Hypothesis and homework

The paper traces the development of the vertebrate eye, from the bilateral ancestor of 580 million years ago, in which a primordial opsin - a visual protein that functions as a G-protein-coupled receptor - has evolved into three major classes: rhabdomeric opsins, intermediate photoisomerase-like opsins, and ciliary opsins. Here, protostomes with their rhabdomeric opsins separate from deuterostomes and our ciliary opsins.

Stage two is the development of the protochordates, about 580-550 million years ago, in which the ciliary photoreceptor with a ciliary opsin and a hyperpolarising response continue to evolve. Here, the cephalochordates and the tunicates - represented today by the lancelets and the sea squirt respectively - diverge.

Stage three is the ancestral craniates of 550-530 million years ago, in which a ciliary photoreceptor sends signals to output neurons, a primordial lens develops and the lateral 'eye' invaginates. The researchers say this proto-eye remains present in extant hagfish, which separated from our line 530 million years ago.

Then comes stage four, a period of about 30 million years, in which lamprey-like ancestors evolve and photoreceptors with cone-like features appear, along with an explosion in visual ability. Genome duplications give rise to multiple copies of the phototransduction genes, which allow light to be converted into electrical signals; cell classes diverge into five cone-like receptors; cone bipolar cells and ganglion cells evolve; ganglion-cell axons project into the thalamus and the optic equipment evolves - the lens, the iris and the extra-ocular muscles.

About 500 million years ago the lampreys - containing this modern equipment but lacking intra-ocular muscles - diverge from our line.

Stage five is a long period of about 70 million years in which the jawless fish give rise to the jawed vertebrates and the optic boom continues - rod photoreceptors and rod bipolar cells evolve, along with an iris that can adjust to different light levels. At stage six, 430 million years ago, the last jawless fish separate from the gnathostomes, in which the cornea develops, the lens takes an elliptical shape and eyelids appear.

While some would dispute the divergence of the hagfish and the lampreys, the researchers find evidence in the developmental changes that occur in the larval form of lampreys. This is a period of about five years in which the larval form, or ammocoete, metamorphoses into the adult. The eye of the ammocoete is strikingly similar to that of the hagfish - "they are small, they are buried beneath skin and they possess a relatively undifferentiated retina", they write - but over five years "a slow process of neural differentiation occurs, in the following sequence: ganglion cells, amacrine and horizontal cells, photoreceptors and finally bipolar cells. This is broadly the same order in which the jawed-vertebrate retina differentiates".

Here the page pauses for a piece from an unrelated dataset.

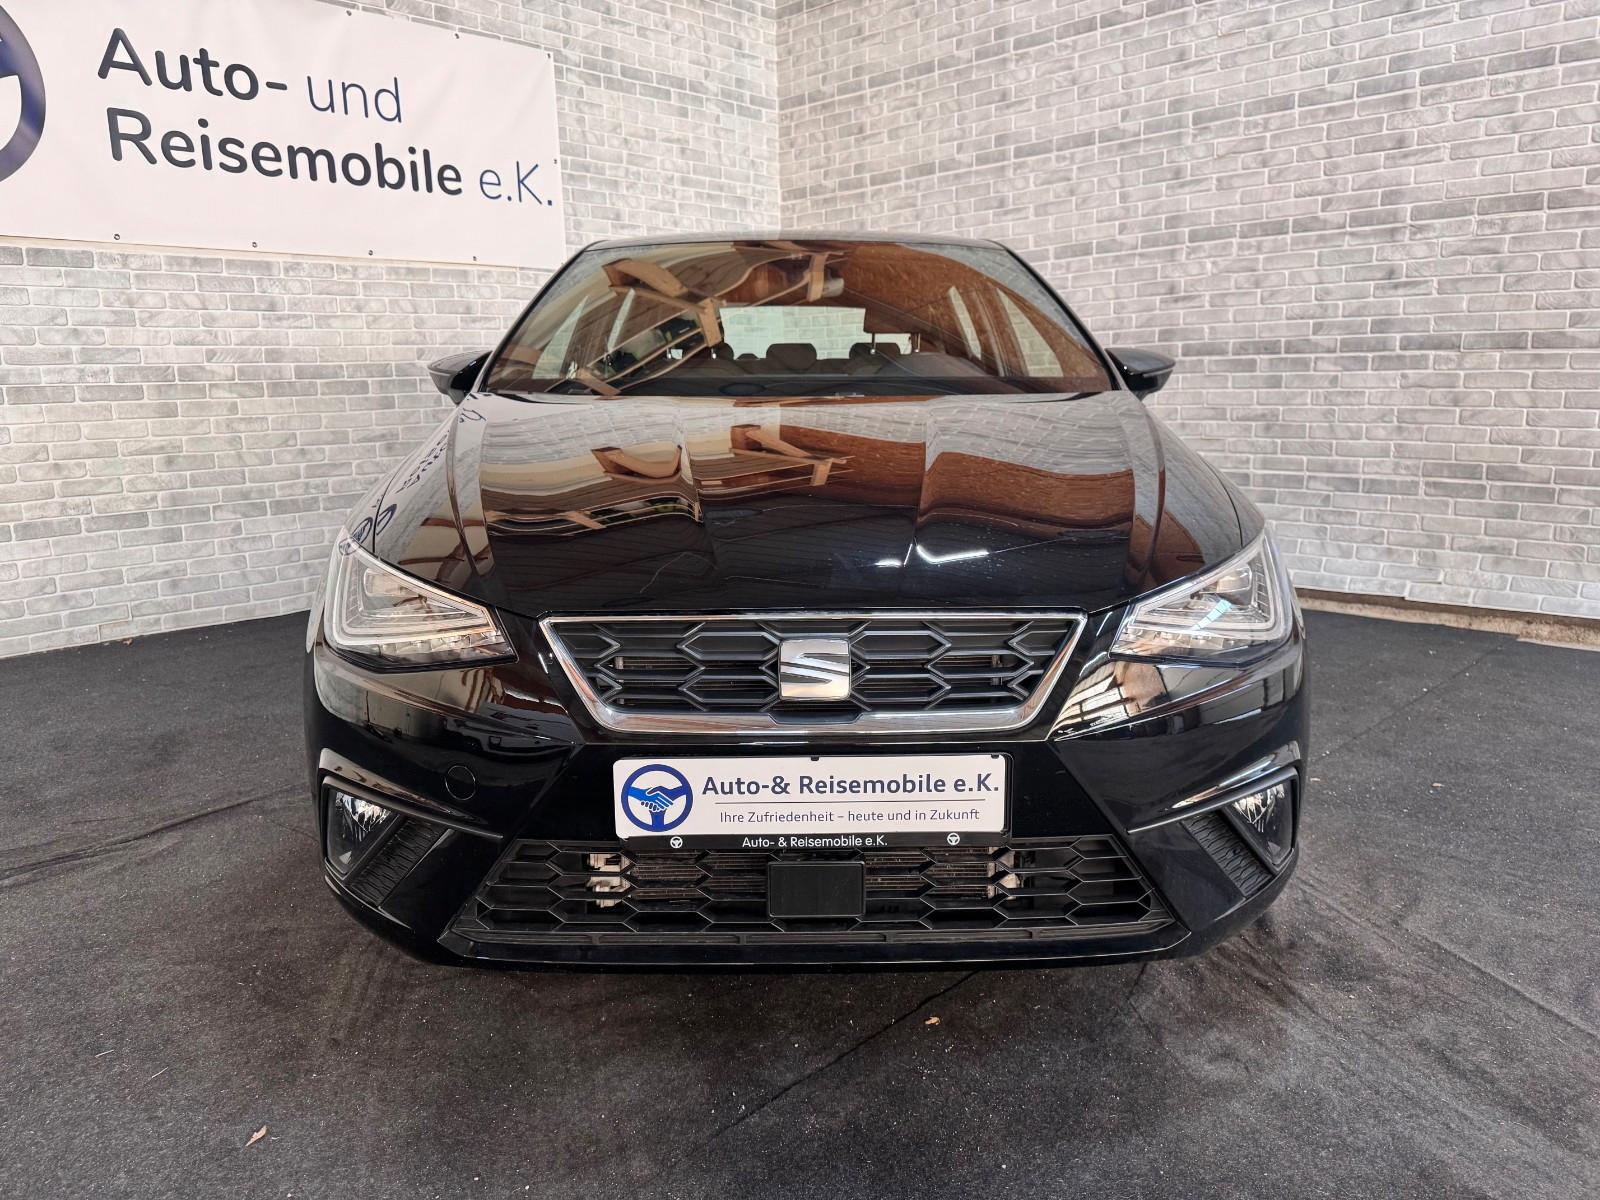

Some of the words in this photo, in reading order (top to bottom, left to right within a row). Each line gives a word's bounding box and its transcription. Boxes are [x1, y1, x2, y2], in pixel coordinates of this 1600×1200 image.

To back up their hypothesis, Lamb, Collin and Pugh have set us some homework. They have set out a series of eight predictions they say will test their hypothesis, encouraging other researchers to delve further into the development of cones, rods and bipolar cells, and in particular to study the genes of cyclostomes, to trace definitively when hagfish diverged. They are currently writing a grant application to assist with completing the homework.